An ETF issued by a plant-based business consultant seeks to be the only pure-play ETF for plant-based companies.
The VegTech Plant-based Innovation & Climate ETF (EATV) debuted on the NYSE Arca Wednesday with an expense ratio of 0.75%.
The actively managed fund buys into companies that it deems to be innovators in plant-based food production and technology. Any company that produces equipment used in animal agriculture is screened out of the investable universe, but firms making products that contain trace amounts of animals or animal products in their end products are allowed. That information is gleaned from financial statements and reading ingredient labels.
EATV will also consider investing in “climate companies,” or firms that have demonstrated plans to reduce their greenhouse gas emissions or that sell products with smaller carbon footprints than their competition.
The fund also changed its name from its initial filing, going from using the phrase “environmental impact” to “climate” with the latest effective filing.

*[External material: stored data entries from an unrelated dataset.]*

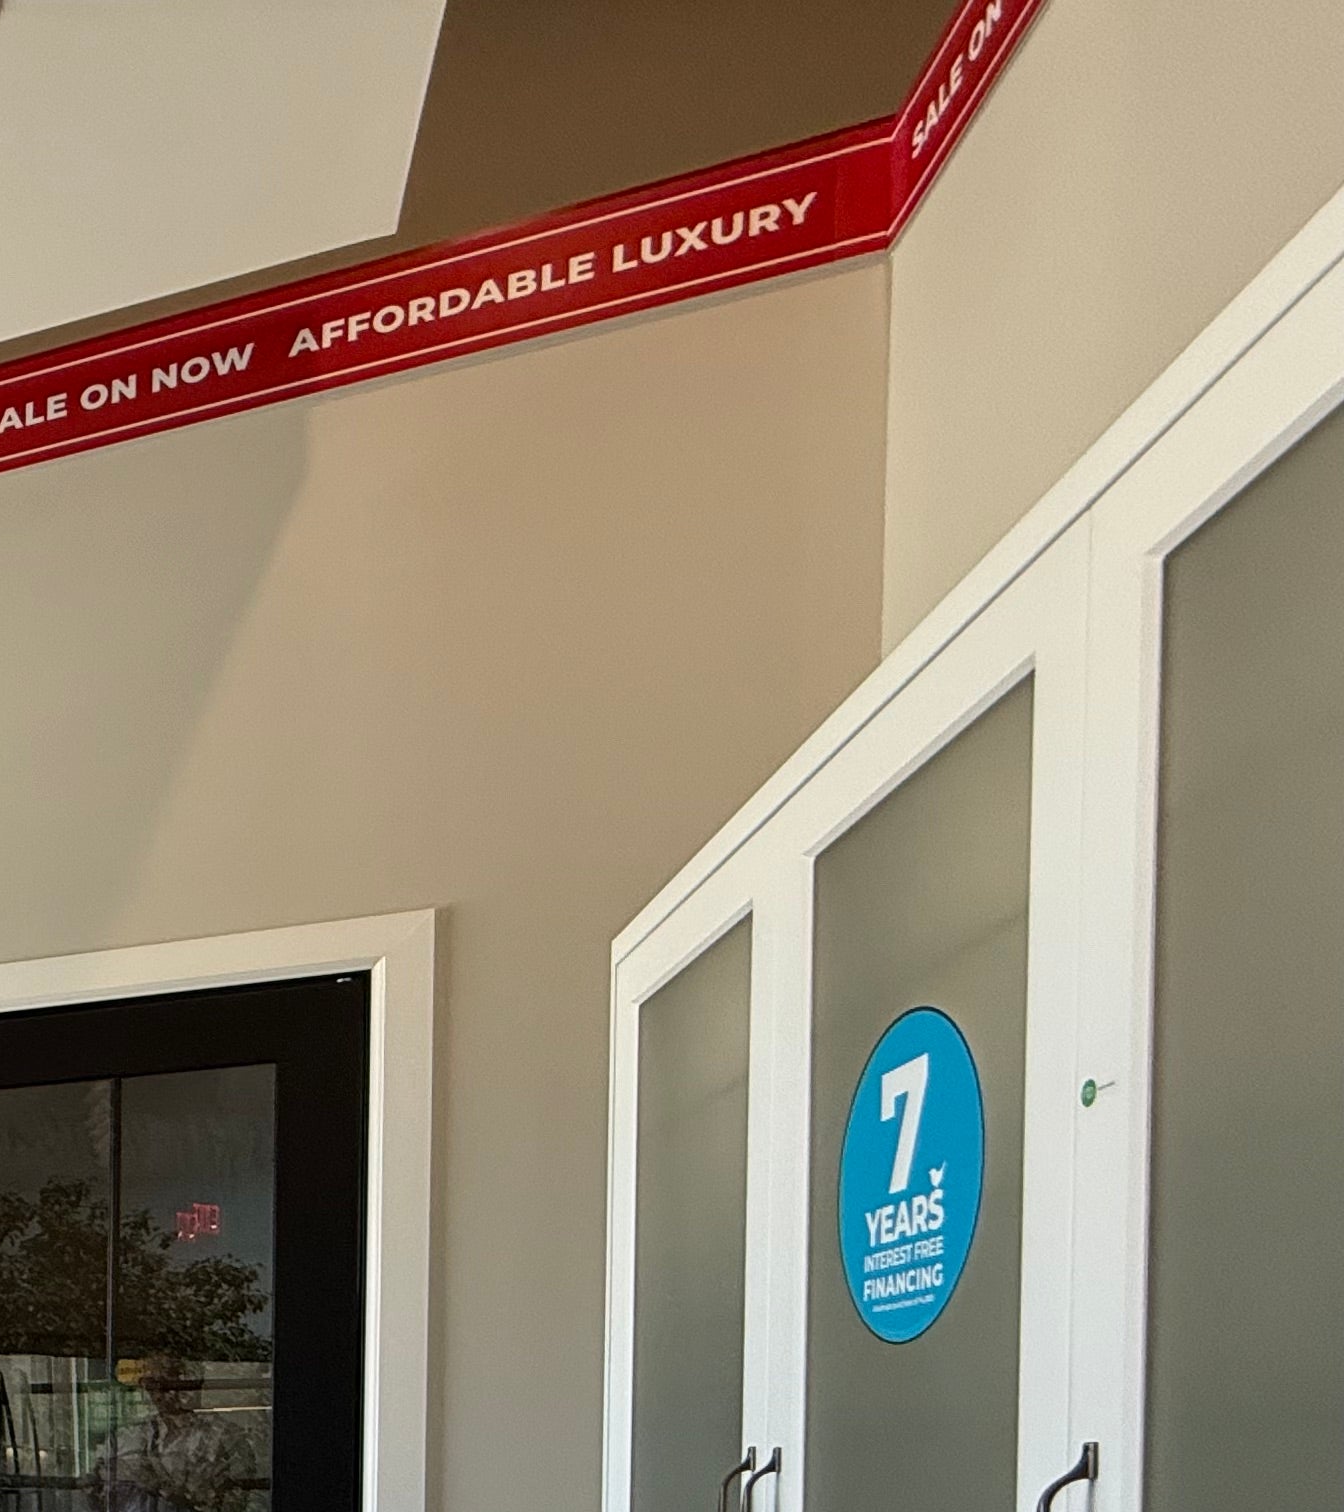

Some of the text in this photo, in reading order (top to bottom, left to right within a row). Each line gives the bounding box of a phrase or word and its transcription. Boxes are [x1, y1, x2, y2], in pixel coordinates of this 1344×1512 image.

[911, 0, 1002, 159] SALE ON
[80, 374, 137, 410] ON
[151, 342, 254, 393] NOW
[288, 251, 595, 358] AFFORDABLE
[612, 191, 817, 273] LUXURY
[879, 1052, 929, 1195] 7
[863, 1234, 945, 1274] INTEREST FREE
[864, 1188, 945, 1248] YEARS
[862, 1262, 945, 1302] FINANCING
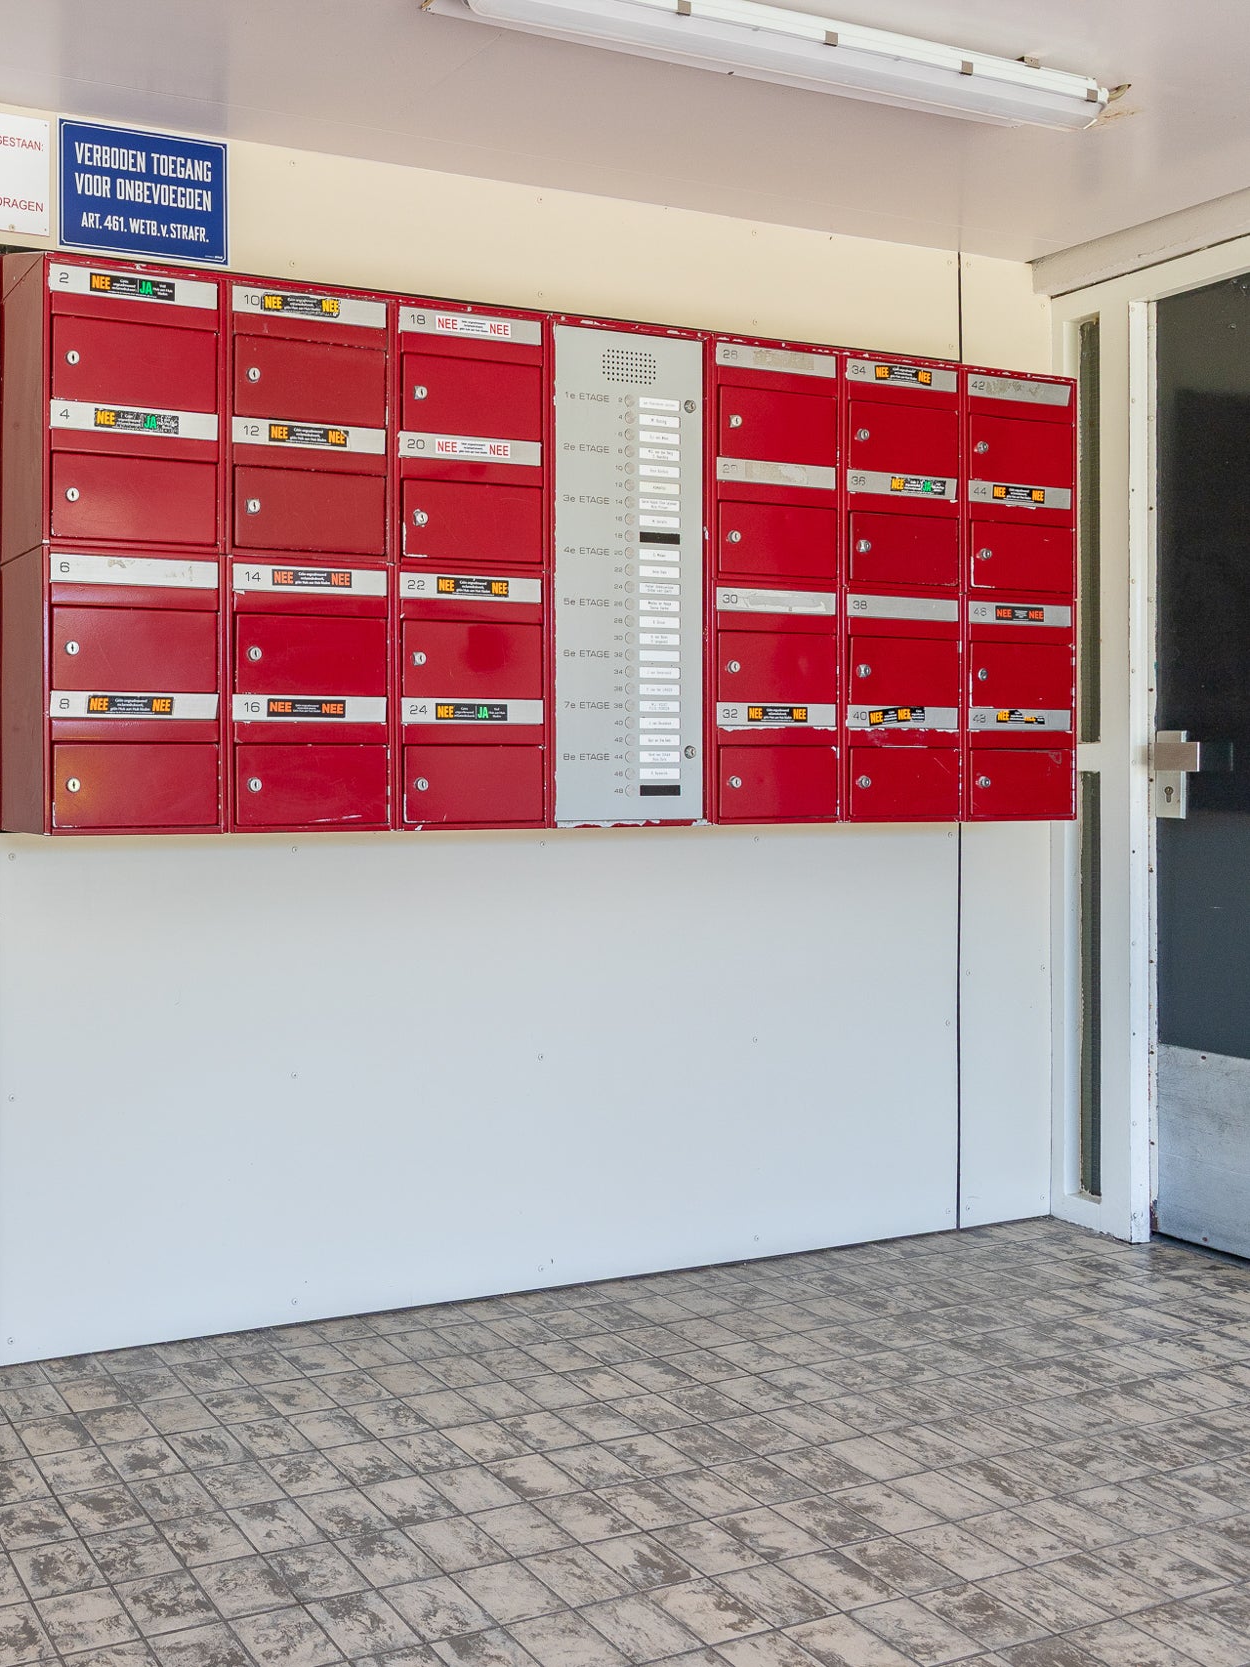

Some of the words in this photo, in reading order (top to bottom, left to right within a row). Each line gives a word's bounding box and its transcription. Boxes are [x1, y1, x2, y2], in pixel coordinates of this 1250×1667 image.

[74, 141, 146, 173] VERBODEN
[151, 153, 212, 182] TOEGANG
[74, 172, 111, 198] VOOR
[116, 179, 212, 212] ONBEVOEGDEN
[81, 212, 102, 229] ART.
[104, 215, 127, 232] 461.
[59, 272, 69, 283] 2
[92, 275, 110, 289] NEE
[139, 281, 153, 295] JA
[244, 295, 260, 305] 10
[265, 296, 282, 309] NEE
[322, 300, 339, 313] NEE
[411, 314, 425, 324] 18
[438, 318, 458, 330] NEE
[490, 324, 509, 336] NEE
[852, 365, 866, 374] 34
[876, 367, 889, 377] NEE
[919, 371, 930, 383] NEE
[972, 381, 985, 390] 42
[579, 393, 610, 402] ETAGE
[60, 409, 69, 419] 4
[96, 411, 115, 425] NEE
[144, 416, 157, 429] JA
[244, 425, 259, 436] 12
[271, 426, 288, 439] NEE
[329, 431, 345, 444] NEE
[407, 439, 425, 449] 20
[438, 441, 458, 452] NEE
[490, 444, 509, 456] NEE
[580, 444, 610, 453] ETAGE
[851, 476, 865, 486] 36
[892, 478, 904, 489] NEE
[922, 481, 932, 492] JA
[974, 487, 986, 495] 44
[994, 487, 1005, 497] NEE
[1032, 490, 1044, 501] NEE
[580, 496, 610, 504] ETAGE
[580, 547, 610, 556] ETAGE
[60, 562, 69, 572] 6
[246, 572, 261, 582] 14
[274, 572, 292, 583] NEE
[332, 574, 350, 585] NEE
[408, 580, 425, 590] 22
[439, 579, 454, 591] NEE
[492, 582, 507, 594] NEE
[580, 599, 610, 607] ETAGE
[723, 594, 738, 604] 30
[853, 600, 867, 609] 38
[996, 608, 1012, 618] NEE
[1028, 610, 1044, 620] NEE
[580, 650, 610, 658] ETAGE
[59, 699, 69, 709] 8
[90, 698, 108, 710] NEE
[152, 699, 171, 711] NEE
[244, 702, 260, 712] 16
[270, 702, 291, 712] NEE
[322, 704, 343, 714] NEE
[410, 705, 427, 714] 24
[438, 706, 454, 717] NEE
[478, 707, 488, 718] JA
[723, 709, 737, 718] 32
[749, 708, 762, 719] NEE
[793, 709, 806, 719] NEE
[853, 712, 867, 720] 40
[870, 712, 883, 723] NEE

VegTech co-founder Elysabeth Alfano told ETF.com in an interview that the idea for the fund came after she and portfolio manager Sasha Goodman published a list of investable vegan companies in March. That list was never meant to be a working index for the fund, but it drew further attention from people looking to invest in vegan-friendly companies.
EATV is actively managed, so it can stay abreast of an ever-changing industry that faces dual pressures of feeding a growing global population and minimizing harmful environmental practices, she said.
“As we look to produce more nutritious food for more people, we’re looking for a more efficient food and materials supply system,” Alfano explained. “We think that is … the tip of a secular trend.”
There’s not much of a comparison for EATV in the existing ETF marketplace. The U.S. Vegan Climate ETF (VEGN) tracks an index of large cap stocks that exclude companies deemed to be contributing to animal suffering or climate change, but that leaves nonfood-related stocks like Tesla, Nvidia, UnitedHealth Group, Visa and Mastercard as its top holdings.
A potential competitor is the Global X AgTech & Food Innovation ETF (KROP), which tracks an index of companies involved in agriculture innovation, and the VanEck Future of Food ETF (YUMY), which takes a similar theme but in an actively managed fund.
The Defiance Next Gen Food & Agriculture ETF (DIET) survived only six months before being shut down in May 2020.
EATV’s top holdings include Beyond Meat, alcohol producer MGP Ingredients, biotech company Amyris, vegan cosmetics maker ELF and sports drink maker Celsius Holdings.